Forex Pros – Last week saw crude oil prices pull back from a three-week high on Friday, after weak employment data added to concerns over the U.S. economic outlook and weighed on demand expectations from the world’s largest oil consumer.  

On the New York Mercantile Exchange, light sweet crude futures for delivery in August traded at USD96.52 a barrel by close of trade on Friday, gaining 1.5% over the week. 

The August contract rose to USD99.40 on Thursday, the highest price since June 15 after two better-than-expected U.S. employment readings boosted expectations for a strong payrolls report on Friday. 

But prices slumped nearly 2.2% after the U.S. Department of Labor said that nonfarm payrolls rose by a disappointing 18,000 in June, significantly below expectations for an increase of 89,000, as employers hired the fewest workers in nine months.

The previous month’s figure was revised down to a gain of 22,000 from a previously reported 54,000.

The June unemployment rate rose unexpectedly from 9.1% to 9.2%, the highest level in six months.

Oil traders have been paying close attention to readings on U.S. employment levels for signs that people are returning to work, thus driving more and using more energy.

Meanwhile, the U.S. Energy Information Administration said in its weekly report on Thursday that U.S. crude oil inventories fell by 0.9 million barrels in the week ended July 1, short of expectations for a 2.5 million barrel decline.
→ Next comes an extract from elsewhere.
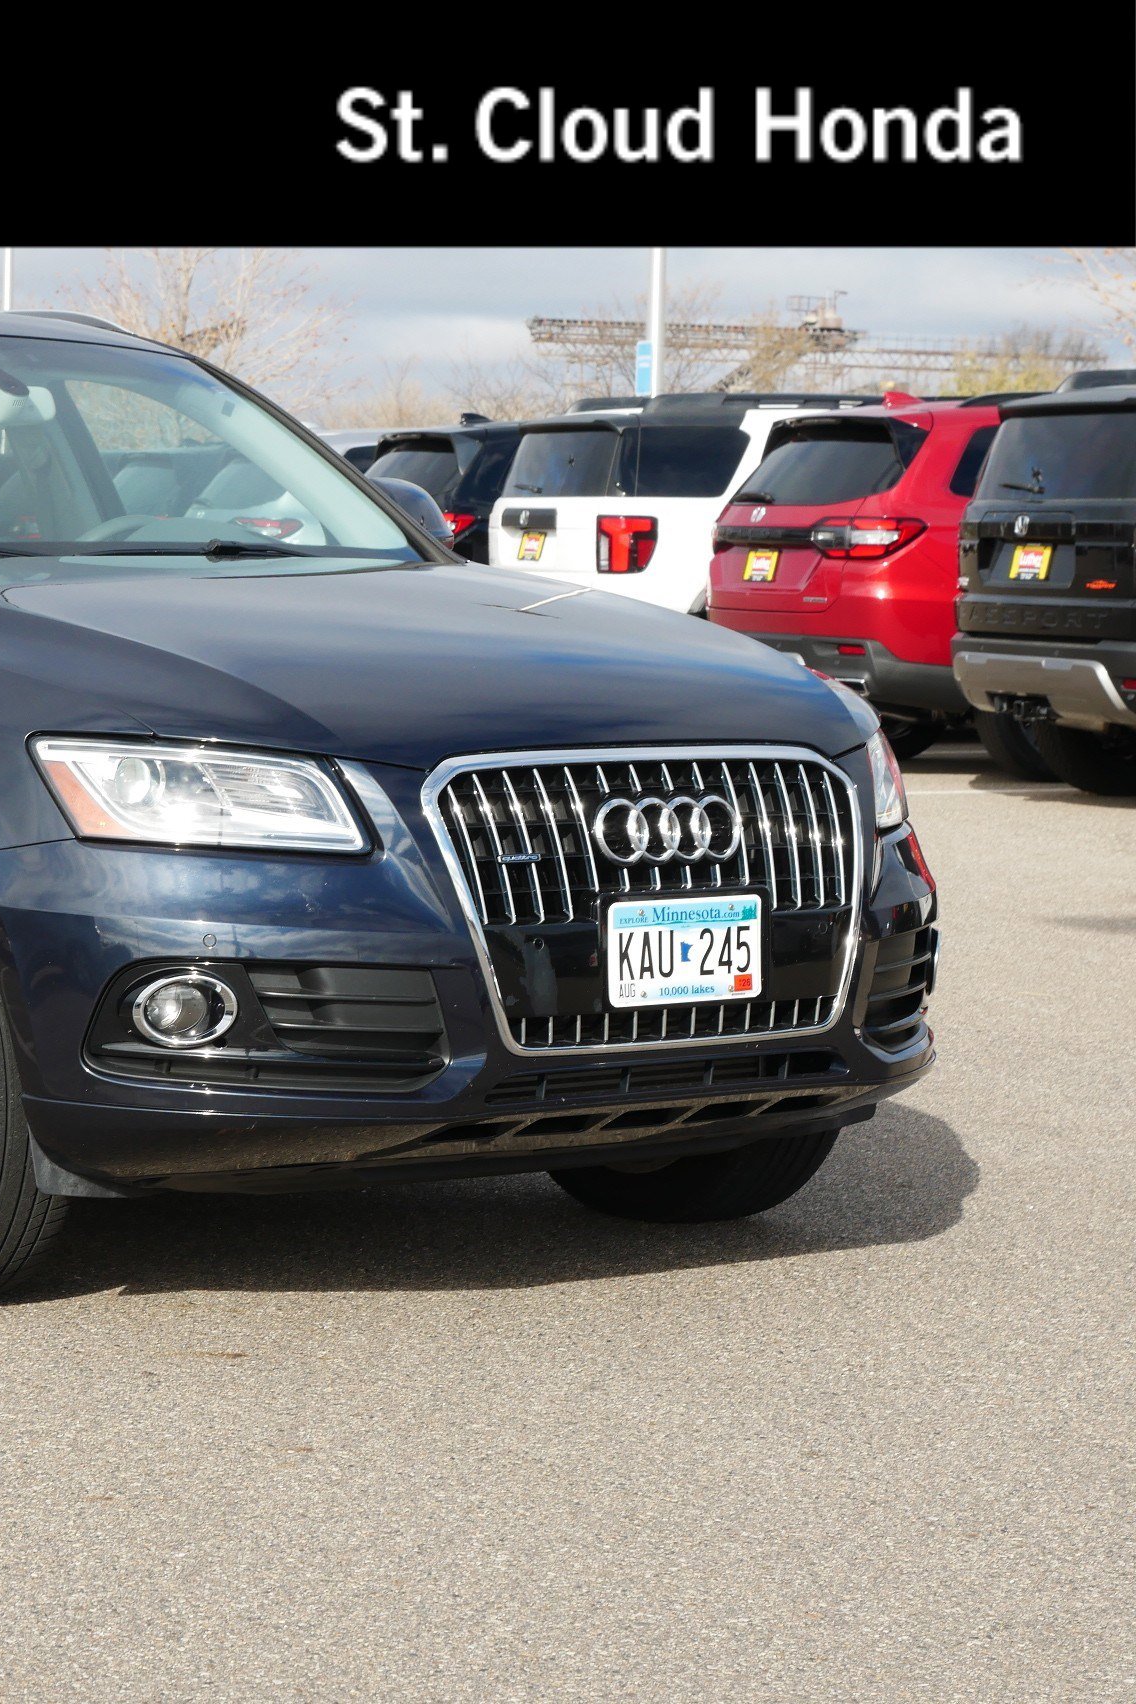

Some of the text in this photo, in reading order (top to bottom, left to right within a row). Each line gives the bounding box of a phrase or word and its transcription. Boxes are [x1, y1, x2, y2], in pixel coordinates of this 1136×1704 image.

[619, 916, 649, 925] EXPLORE
[619, 925, 751, 982] KAU 245
[618, 983, 636, 999] AUG
[659, 984, 715, 997] 10,000 lakes
Total U.S. motor gasoline inventories declined by 0.6 million barrels, confounding expectations for a 0.8 million barrel increase.
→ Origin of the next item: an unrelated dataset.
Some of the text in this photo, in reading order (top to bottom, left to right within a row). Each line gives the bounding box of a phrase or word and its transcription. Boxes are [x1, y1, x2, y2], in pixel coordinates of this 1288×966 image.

Elsewhere, on the ICE Futures Exchange, Brent oil futures for August delivery traded at USD117.61 a barrel by close of trade on Friday, the highest price since June 14.

The Brent contract rallied 5.4% on the week and was up USD21.09 on its U.S. counterpart, the widest spread between the two contracts since June 15, when the premium reached a record USD23.34.

Global financial service provider Citigroup said on Thursday that Brent’s premium to U.S. crude may widen to at least USD40 a barrel between now and the middle of 2012, citing a disruption to supplies in the North Sea.